_Task statement_
Your task is to copy the lines of the data below from the line holding "this 1088×1280 image." through the line holding "this 1288×966 image.", inclusive, exactly and with nothing added.

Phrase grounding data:

***

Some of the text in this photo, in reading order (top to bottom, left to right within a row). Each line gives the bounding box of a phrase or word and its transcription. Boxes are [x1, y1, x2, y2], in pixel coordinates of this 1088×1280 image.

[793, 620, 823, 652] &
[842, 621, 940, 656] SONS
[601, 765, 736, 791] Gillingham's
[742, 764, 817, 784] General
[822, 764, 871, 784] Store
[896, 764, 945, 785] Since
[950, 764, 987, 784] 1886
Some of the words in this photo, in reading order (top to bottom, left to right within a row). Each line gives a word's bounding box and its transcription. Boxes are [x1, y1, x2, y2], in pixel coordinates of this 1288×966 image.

***

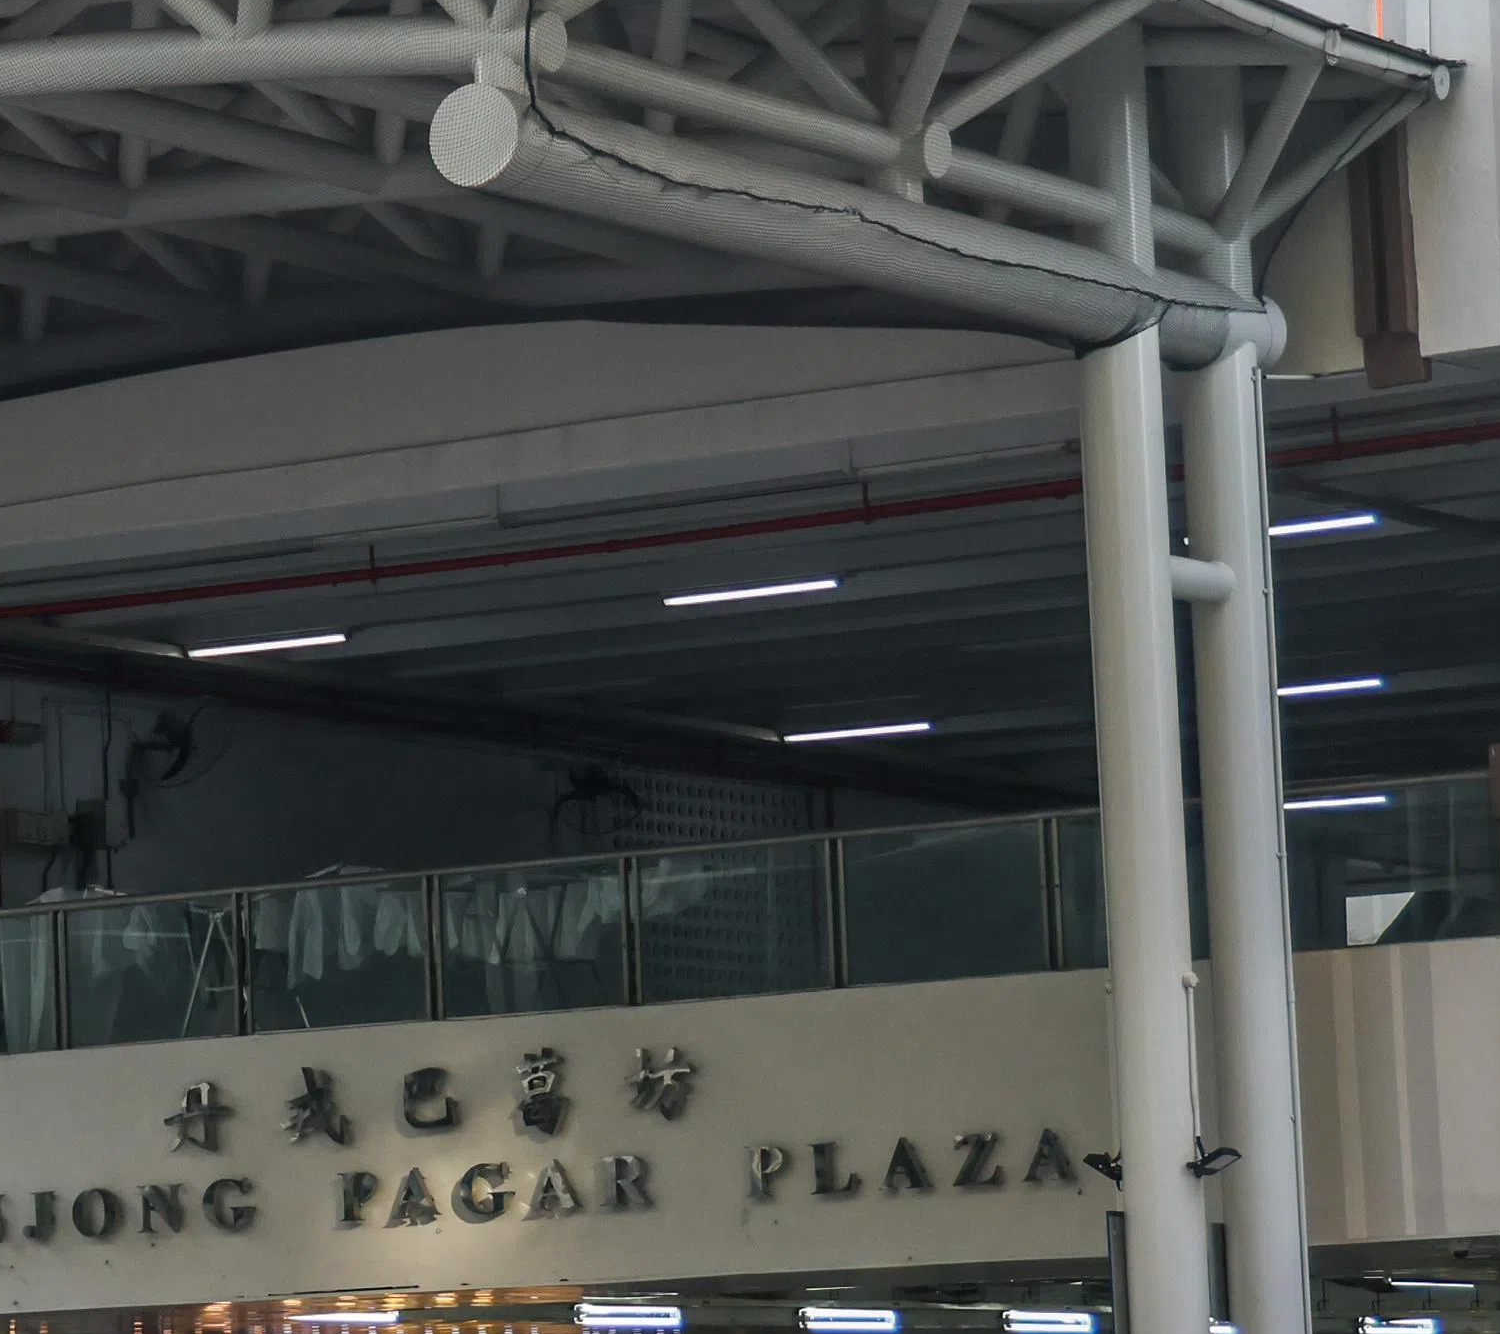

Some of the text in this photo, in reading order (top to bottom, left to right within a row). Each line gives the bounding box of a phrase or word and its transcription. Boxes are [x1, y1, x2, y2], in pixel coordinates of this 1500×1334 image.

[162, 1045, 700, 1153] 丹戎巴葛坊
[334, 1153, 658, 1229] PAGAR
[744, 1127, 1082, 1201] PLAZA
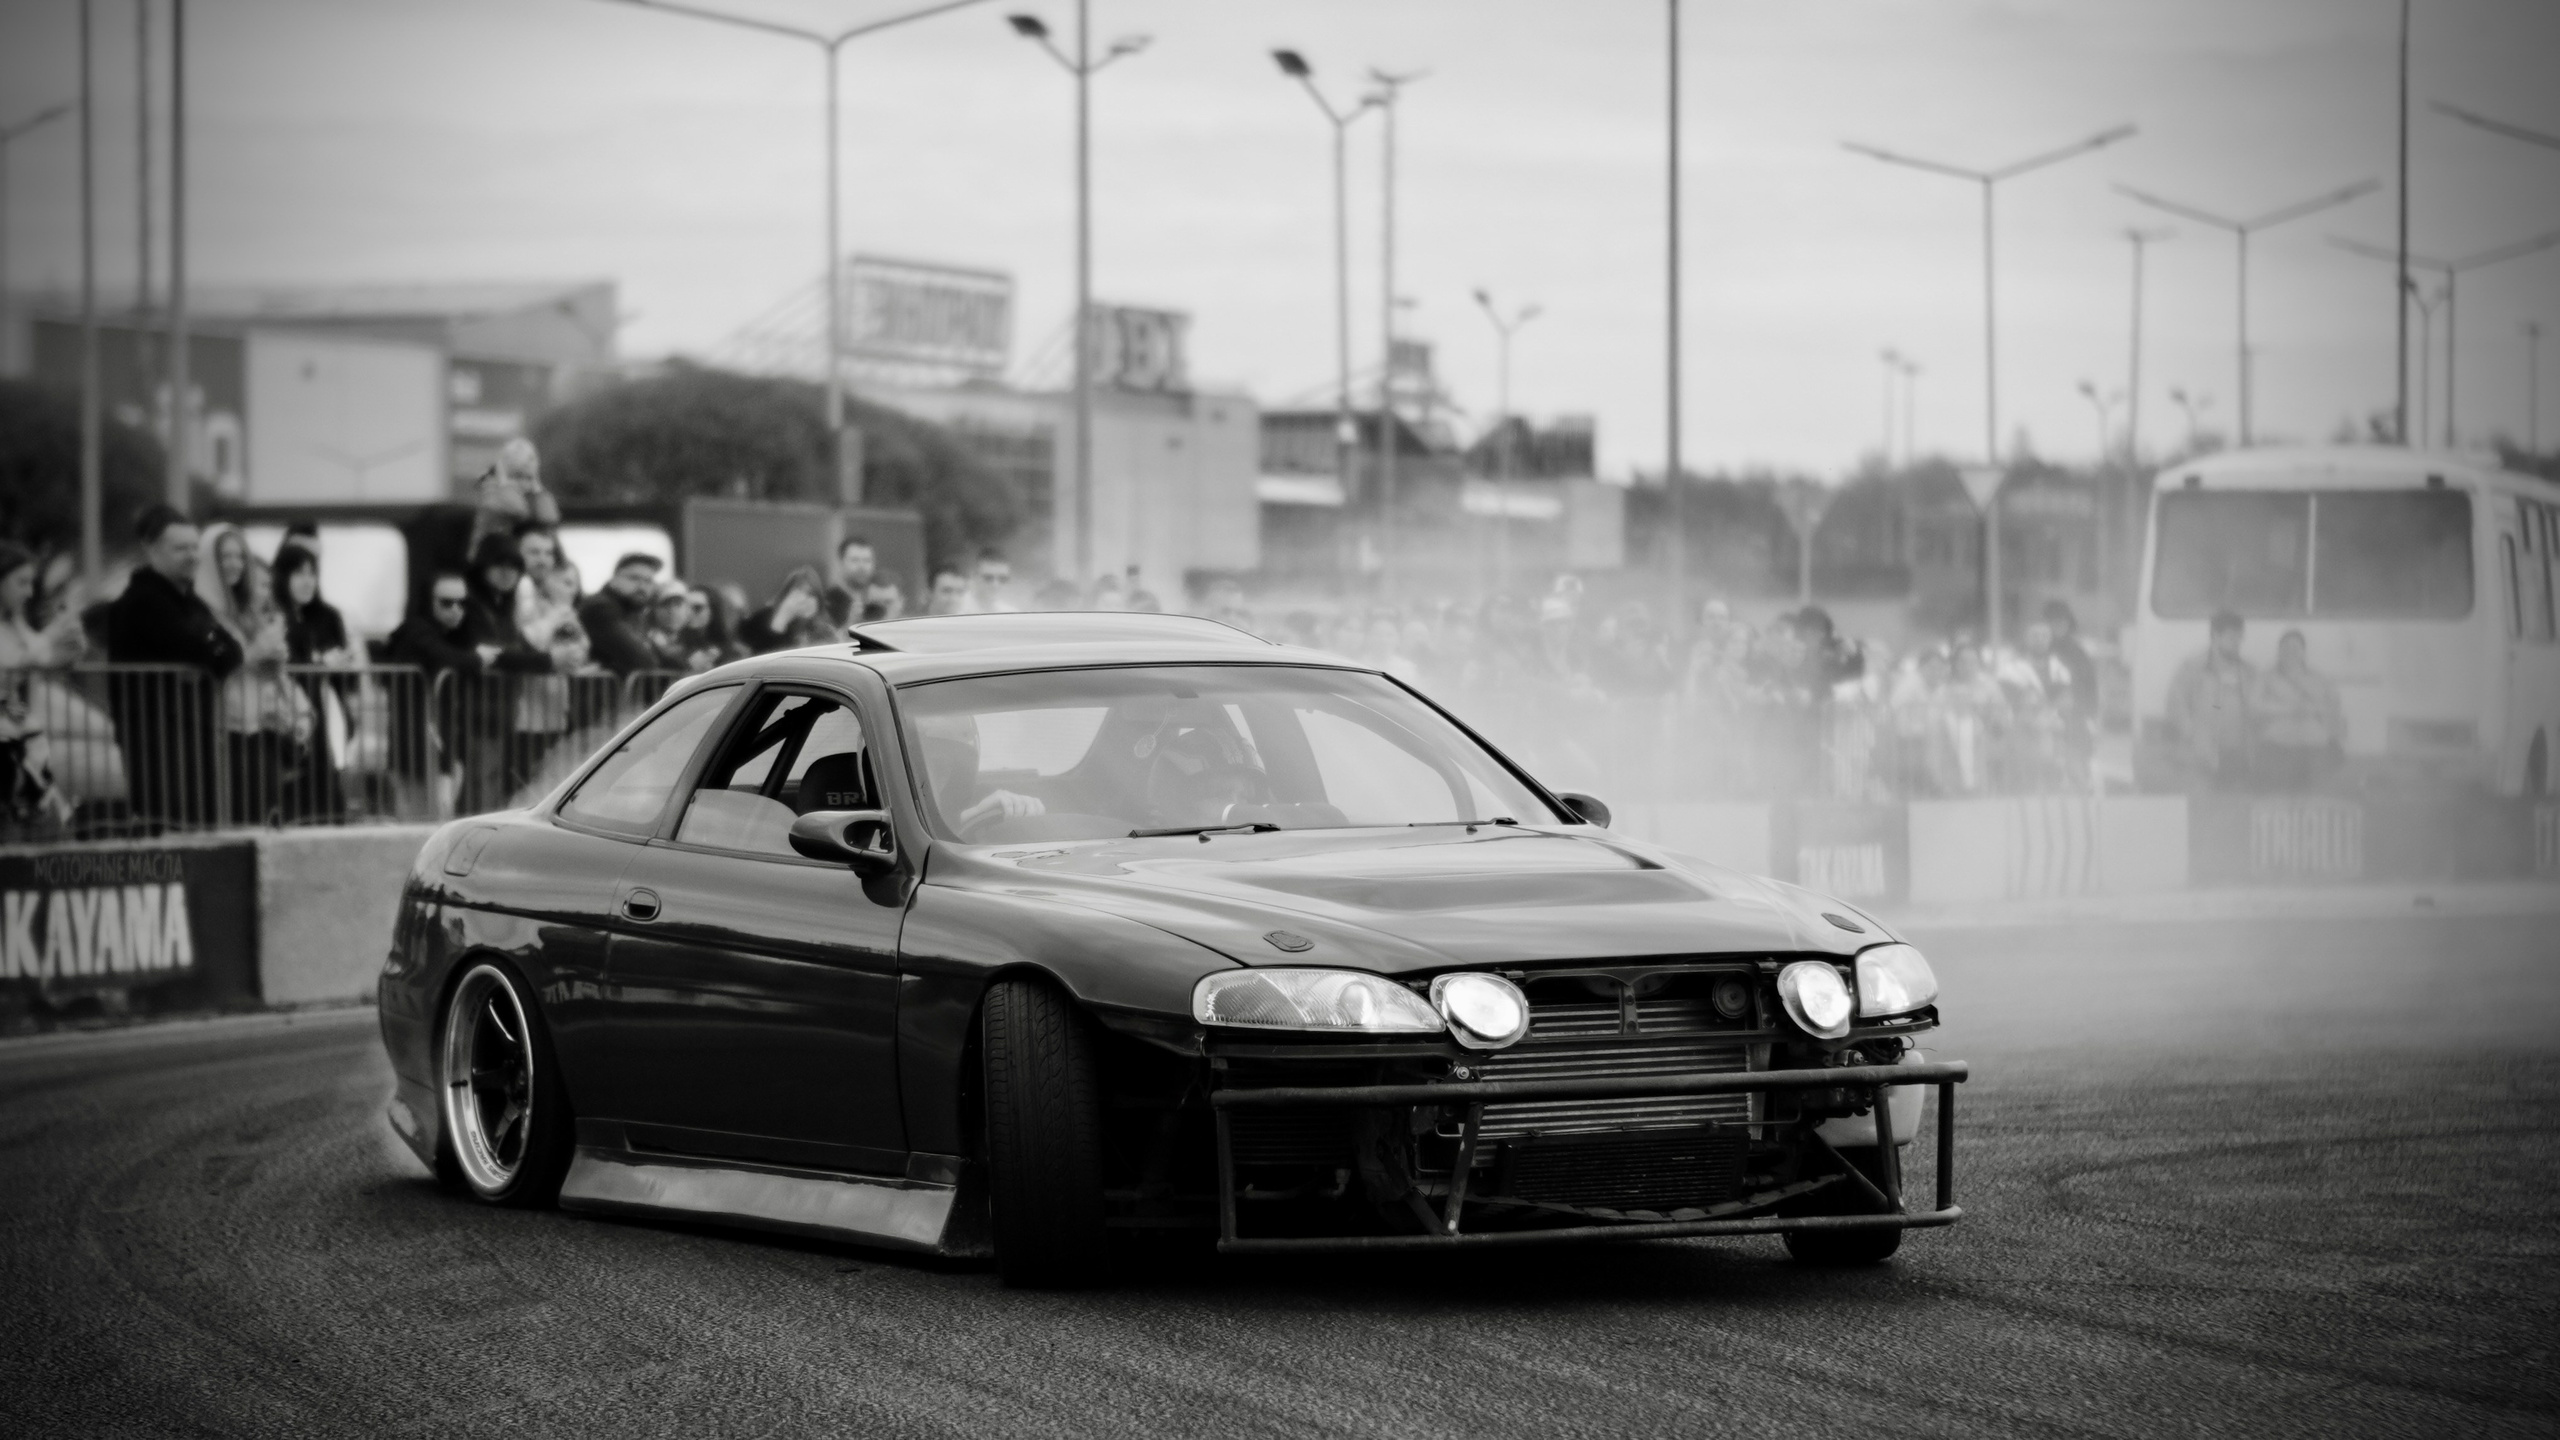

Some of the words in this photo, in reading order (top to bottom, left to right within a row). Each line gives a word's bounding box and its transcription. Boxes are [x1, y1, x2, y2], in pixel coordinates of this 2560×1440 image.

***

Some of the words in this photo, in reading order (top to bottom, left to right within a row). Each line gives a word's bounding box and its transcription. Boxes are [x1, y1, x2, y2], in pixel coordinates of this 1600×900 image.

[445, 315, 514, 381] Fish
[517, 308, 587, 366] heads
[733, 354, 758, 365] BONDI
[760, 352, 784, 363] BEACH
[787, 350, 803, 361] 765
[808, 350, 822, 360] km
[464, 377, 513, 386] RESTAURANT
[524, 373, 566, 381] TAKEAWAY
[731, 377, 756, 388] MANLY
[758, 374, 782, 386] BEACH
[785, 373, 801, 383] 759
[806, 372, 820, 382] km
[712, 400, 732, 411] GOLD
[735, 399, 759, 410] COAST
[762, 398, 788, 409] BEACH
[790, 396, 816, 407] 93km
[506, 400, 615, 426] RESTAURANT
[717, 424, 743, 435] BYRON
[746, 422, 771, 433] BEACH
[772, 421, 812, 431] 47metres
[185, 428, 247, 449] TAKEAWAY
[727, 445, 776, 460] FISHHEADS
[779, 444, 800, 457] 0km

***

_Solution to this task_
Some of the text in this photo, in reading order (top to bottom, left to right within a row). Each line gives the bounding box of a phrase or word and its transcription. Boxes are [x1, y1, x2, y2], in pixel coordinates of this 1088×1280 image.

[793, 620, 823, 652] &
[842, 621, 940, 656] SONS
[601, 765, 736, 791] Gillingham's
[742, 764, 817, 784] General
[822, 764, 871, 784] Store
[896, 764, 945, 785] Since
[950, 764, 987, 784] 1886
Some of the words in this photo, in reading order (top to bottom, left to right within a row). Each line gives a word's bounding box and its transcription. Boxes are [x1, y1, x2, y2], in pixel coordinates of this 1288×966 image.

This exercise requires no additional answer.